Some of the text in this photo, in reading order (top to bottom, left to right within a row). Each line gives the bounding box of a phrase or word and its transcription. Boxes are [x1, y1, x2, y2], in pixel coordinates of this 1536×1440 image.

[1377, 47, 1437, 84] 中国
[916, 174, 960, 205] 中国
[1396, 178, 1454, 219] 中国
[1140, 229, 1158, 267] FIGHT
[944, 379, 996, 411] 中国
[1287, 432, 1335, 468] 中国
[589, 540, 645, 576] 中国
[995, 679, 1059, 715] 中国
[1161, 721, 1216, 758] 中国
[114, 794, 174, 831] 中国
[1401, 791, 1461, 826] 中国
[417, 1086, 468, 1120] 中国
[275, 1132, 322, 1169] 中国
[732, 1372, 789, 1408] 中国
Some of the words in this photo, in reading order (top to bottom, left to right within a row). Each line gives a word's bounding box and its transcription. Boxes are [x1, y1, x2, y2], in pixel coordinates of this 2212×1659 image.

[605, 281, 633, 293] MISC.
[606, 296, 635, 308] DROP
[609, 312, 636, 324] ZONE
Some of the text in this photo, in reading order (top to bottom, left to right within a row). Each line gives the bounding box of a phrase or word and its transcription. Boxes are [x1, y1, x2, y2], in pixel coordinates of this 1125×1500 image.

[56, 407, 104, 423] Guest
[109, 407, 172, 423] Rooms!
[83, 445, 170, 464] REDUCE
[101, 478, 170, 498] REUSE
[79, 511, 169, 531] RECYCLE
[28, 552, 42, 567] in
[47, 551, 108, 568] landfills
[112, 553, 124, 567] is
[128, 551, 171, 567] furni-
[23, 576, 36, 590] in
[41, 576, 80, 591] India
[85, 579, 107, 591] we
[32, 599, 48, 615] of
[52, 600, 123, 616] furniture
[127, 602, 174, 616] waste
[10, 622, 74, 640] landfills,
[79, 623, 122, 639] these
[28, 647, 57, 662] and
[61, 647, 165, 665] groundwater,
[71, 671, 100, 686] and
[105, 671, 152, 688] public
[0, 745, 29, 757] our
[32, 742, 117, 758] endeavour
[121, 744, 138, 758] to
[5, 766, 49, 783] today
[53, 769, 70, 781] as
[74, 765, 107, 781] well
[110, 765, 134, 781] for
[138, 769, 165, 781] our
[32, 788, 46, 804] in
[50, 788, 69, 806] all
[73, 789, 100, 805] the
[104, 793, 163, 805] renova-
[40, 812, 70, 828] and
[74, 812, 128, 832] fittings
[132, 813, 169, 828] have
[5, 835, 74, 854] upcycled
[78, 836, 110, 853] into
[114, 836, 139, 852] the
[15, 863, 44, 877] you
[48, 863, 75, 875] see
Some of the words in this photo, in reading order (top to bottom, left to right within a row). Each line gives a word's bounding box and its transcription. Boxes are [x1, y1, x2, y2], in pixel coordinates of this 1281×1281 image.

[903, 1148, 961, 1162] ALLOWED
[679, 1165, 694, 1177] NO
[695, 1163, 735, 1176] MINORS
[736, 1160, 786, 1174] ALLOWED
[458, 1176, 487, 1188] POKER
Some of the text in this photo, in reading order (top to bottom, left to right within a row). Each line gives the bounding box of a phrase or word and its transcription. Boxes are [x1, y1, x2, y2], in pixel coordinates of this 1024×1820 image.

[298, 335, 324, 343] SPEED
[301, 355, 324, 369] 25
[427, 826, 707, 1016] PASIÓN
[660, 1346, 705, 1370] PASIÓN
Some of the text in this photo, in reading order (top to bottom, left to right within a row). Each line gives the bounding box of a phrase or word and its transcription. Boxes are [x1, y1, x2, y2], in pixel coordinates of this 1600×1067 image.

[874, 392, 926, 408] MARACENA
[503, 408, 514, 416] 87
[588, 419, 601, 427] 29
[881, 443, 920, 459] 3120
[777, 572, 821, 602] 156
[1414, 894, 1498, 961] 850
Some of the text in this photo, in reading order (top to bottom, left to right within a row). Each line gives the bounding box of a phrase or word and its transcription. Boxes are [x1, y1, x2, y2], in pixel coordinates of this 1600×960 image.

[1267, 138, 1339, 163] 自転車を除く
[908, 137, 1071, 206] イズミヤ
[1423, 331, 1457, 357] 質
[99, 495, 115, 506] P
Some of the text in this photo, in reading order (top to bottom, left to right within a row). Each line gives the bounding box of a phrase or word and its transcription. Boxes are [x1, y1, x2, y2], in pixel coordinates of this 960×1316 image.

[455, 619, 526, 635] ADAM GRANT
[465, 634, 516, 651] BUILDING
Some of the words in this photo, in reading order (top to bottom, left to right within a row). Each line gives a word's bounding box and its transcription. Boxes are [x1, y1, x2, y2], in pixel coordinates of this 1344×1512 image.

> [What the task asks] Every record needs to be reproduced exactly, with none skipped.

> [Written solution]
Some of the text in this photo, in reading order (top to bottom, left to right within a row). Each line gives the bounding box of a phrase or word and its transcription. Boxes are [x1, y1, x2, y2], in pixel coordinates of this 1536×1440 image.

[1377, 47, 1437, 84] 中国
[916, 174, 960, 205] 中国
[1396, 178, 1454, 219] 中国
[1140, 229, 1158, 267] FIGHT
[944, 379, 996, 411] 中国
[1287, 432, 1335, 468] 中国
[589, 540, 645, 576] 中国
[995, 679, 1059, 715] 中国
[1161, 721, 1216, 758] 中国
[114, 794, 174, 831] 中国
[1401, 791, 1461, 826] 中国
[417, 1086, 468, 1120] 中国
[275, 1132, 322, 1169] 中国
[732, 1372, 789, 1408] 中国
Some of the words in this photo, in reading order (top to bottom, left to right within a row). Each line gives a word's bounding box and its transcription. Boxes are [x1, y1, x2, y2], in pixel coordinates of this 2212×1659 image.

[605, 281, 633, 293] MISC.
[606, 296, 635, 308] DROP
[609, 312, 636, 324] ZONE
Some of the text in this photo, in reading order (top to bottom, left to right within a row). Each line gives the bounding box of a phrase or word and its transcription. Boxes are [x1, y1, x2, y2], in pixel coordinates of this 1125×1500 image.

[56, 407, 104, 423] Guest
[109, 407, 172, 423] Rooms!
[83, 445, 170, 464] REDUCE
[101, 478, 170, 498] REUSE
[79, 511, 169, 531] RECYCLE
[28, 552, 42, 567] in
[47, 551, 108, 568] landfills
[112, 553, 124, 567] is
[128, 551, 171, 567] furni-
[23, 576, 36, 590] in
[41, 576, 80, 591] India
[85, 579, 107, 591] we
[32, 599, 48, 615] of
[52, 600, 123, 616] furniture
[127, 602, 174, 616] waste
[10, 622, 74, 640] landfills,
[79, 623, 122, 639] these
[28, 647, 57, 662] and
[61, 647, 165, 665] groundwater,
[71, 671, 100, 686] and
[105, 671, 152, 688] public
[0, 745, 29, 757] our
[32, 742, 117, 758] endeavour
[121, 744, 138, 758] to
[5, 766, 49, 783] today
[53, 769, 70, 781] as
[74, 765, 107, 781] well
[110, 765, 134, 781] for
[138, 769, 165, 781] our
[32, 788, 46, 804] in
[50, 788, 69, 806] all
[73, 789, 100, 805] the
[104, 793, 163, 805] renova-
[40, 812, 70, 828] and
[74, 812, 128, 832] fittings
[132, 813, 169, 828] have
[5, 835, 74, 854] upcycled
[78, 836, 110, 853] into
[114, 836, 139, 852] the
[15, 863, 44, 877] you
[48, 863, 75, 875] see
Some of the words in this photo, in reading order (top to bottom, left to right within a row). Each line gives a word's bounding box and its transcription. Boxes are [x1, y1, x2, y2], in pixel coordinates of this 1281×1281 image.

[903, 1148, 961, 1162] ALLOWED
[679, 1165, 694, 1177] NO
[695, 1163, 735, 1176] MINORS
[736, 1160, 786, 1174] ALLOWED
[458, 1176, 487, 1188] POKER
Some of the text in this photo, in reading order (top to bottom, left to right within a row). Each line gives the bounding box of a phrase or word and its transcription. Boxes are [x1, y1, x2, y2], in pixel coordinates of this 1024×1820 image.

[298, 335, 324, 343] SPEED
[301, 355, 324, 369] 25
[427, 826, 707, 1016] PASIÓN
[660, 1346, 705, 1370] PASIÓN
Some of the text in this photo, in reading order (top to bottom, left to right within a row). Each line gives the bounding box of a phrase or word and its transcription. Boxes are [x1, y1, x2, y2], in pixel coordinates of this 1600×1067 image.

[874, 392, 926, 408] MARACENA
[503, 408, 514, 416] 87
[588, 419, 601, 427] 29
[881, 443, 920, 459] 3120
[777, 572, 821, 602] 156
[1414, 894, 1498, 961] 850
Some of the text in this photo, in reading order (top to bottom, left to right within a row). Each line gives the bounding box of a phrase or word and its transcription. Boxes are [x1, y1, x2, y2], in pixel coordinates of this 1600×960 image.

[1267, 138, 1339, 163] 自転車を除く
[908, 137, 1071, 206] イズミヤ
[1423, 331, 1457, 357] 質
[99, 495, 115, 506] P
Some of the text in this photo, in reading order (top to bottom, left to right within a row). Each line gives the bounding box of a phrase or word and its transcription. Boxes are [x1, y1, x2, y2], in pixel coordinates of this 960×1316 image.

[455, 619, 526, 635] ADAM GRANT
[465, 634, 516, 651] BUILDING
Some of the words in this photo, in reading order (top to bottom, left to right within a row). Each line gives a word's bounding box and its transcription. Boxes are [x1, y1, x2, y2], in pixel coordinates of this 1344×1512 image.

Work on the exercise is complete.